Start of Block
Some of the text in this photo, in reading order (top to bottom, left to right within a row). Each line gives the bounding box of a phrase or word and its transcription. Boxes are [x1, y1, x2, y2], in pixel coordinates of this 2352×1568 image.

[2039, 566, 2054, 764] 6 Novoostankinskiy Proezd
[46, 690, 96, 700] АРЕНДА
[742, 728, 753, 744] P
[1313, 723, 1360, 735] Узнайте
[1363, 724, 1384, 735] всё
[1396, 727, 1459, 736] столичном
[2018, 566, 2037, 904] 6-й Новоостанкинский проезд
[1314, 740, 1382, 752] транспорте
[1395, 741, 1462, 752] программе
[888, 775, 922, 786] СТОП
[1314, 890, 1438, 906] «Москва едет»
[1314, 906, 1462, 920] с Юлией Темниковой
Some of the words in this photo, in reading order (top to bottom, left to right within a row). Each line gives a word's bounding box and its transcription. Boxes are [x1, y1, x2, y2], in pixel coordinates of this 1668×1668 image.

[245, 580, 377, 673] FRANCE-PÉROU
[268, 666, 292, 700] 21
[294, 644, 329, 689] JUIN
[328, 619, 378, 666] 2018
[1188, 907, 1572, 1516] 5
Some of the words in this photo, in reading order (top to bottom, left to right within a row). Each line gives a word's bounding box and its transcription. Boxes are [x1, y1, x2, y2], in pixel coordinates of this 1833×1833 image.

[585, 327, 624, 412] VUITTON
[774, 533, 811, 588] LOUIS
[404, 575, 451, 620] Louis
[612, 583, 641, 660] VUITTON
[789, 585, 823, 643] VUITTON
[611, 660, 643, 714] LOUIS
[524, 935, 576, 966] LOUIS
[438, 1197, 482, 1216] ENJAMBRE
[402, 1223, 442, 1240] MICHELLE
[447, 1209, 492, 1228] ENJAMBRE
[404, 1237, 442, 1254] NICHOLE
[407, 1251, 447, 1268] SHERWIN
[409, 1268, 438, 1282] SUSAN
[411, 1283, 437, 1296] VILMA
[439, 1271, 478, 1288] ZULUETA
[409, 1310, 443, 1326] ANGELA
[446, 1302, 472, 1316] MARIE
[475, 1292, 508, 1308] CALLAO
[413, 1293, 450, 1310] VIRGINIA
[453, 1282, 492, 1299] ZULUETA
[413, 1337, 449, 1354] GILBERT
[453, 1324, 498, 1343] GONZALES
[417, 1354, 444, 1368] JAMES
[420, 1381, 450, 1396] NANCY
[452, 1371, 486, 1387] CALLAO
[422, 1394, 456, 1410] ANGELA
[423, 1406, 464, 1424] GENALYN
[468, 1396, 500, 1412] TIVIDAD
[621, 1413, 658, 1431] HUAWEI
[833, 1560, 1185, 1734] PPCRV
End of Block
• **PROBLEM**
From the first line to the last, reproduce the material word for word.

• **TASK ANSWER**
Some of the text in this photo, in reading order (top to bottom, left to right within a row). Each line gives the bounding box of a phrase or word and its transcription. Boxes are [x1, y1, x2, y2], in pixel coordinates of this 2352×1568 image.

[2039, 566, 2054, 764] 6 Novoostankinskiy Proezd
[46, 690, 96, 700] АРЕНДА
[742, 728, 753, 744] P
[1313, 723, 1360, 735] Узнайте
[1363, 724, 1384, 735] всё
[1396, 727, 1459, 736] столичном
[2018, 566, 2037, 904] 6-й Новоостанкинский проезд
[1314, 740, 1382, 752] транспорте
[1395, 741, 1462, 752] программе
[888, 775, 922, 786] СТОП
[1314, 890, 1438, 906] «Москва едет»
[1314, 906, 1462, 920] с Юлией Темниковой
Some of the words in this photo, in reading order (top to bottom, left to right within a row). Each line gives a word's bounding box and its transcription. Boxes are [x1, y1, x2, y2], in pixel coordinates of this 1668×1668 image.

[245, 580, 377, 673] FRANCE-PÉROU
[268, 666, 292, 700] 21
[294, 644, 329, 689] JUIN
[328, 619, 378, 666] 2018
[1188, 907, 1572, 1516] 5
Some of the words in this photo, in reading order (top to bottom, left to right within a row). Each line gives a word's bounding box and its transcription. Boxes are [x1, y1, x2, y2], in pixel coordinates of this 1833×1833 image.

[585, 327, 624, 412] VUITTON
[774, 533, 811, 588] LOUIS
[404, 575, 451, 620] Louis
[612, 583, 641, 660] VUITTON
[789, 585, 823, 643] VUITTON
[611, 660, 643, 714] LOUIS
[524, 935, 576, 966] LOUIS
[438, 1197, 482, 1216] ENJAMBRE
[402, 1223, 442, 1240] MICHELLE
[447, 1209, 492, 1228] ENJAMBRE
[404, 1237, 442, 1254] NICHOLE
[407, 1251, 447, 1268] SHERWIN
[409, 1268, 438, 1282] SUSAN
[411, 1283, 437, 1296] VILMA
[439, 1271, 478, 1288] ZULUETA
[409, 1310, 443, 1326] ANGELA
[446, 1302, 472, 1316] MARIE
[475, 1292, 508, 1308] CALLAO
[413, 1293, 450, 1310] VIRGINIA
[453, 1282, 492, 1299] ZULUETA
[413, 1337, 449, 1354] GILBERT
[453, 1324, 498, 1343] GONZALES
[417, 1354, 444, 1368] JAMES
[420, 1381, 450, 1396] NANCY
[452, 1371, 486, 1387] CALLAO
[422, 1394, 456, 1410] ANGELA
[423, 1406, 464, 1424] GENALYN
[468, 1396, 500, 1412] TIVIDAD
[621, 1413, 658, 1431] HUAWEI
[833, 1560, 1185, 1734] PPCRV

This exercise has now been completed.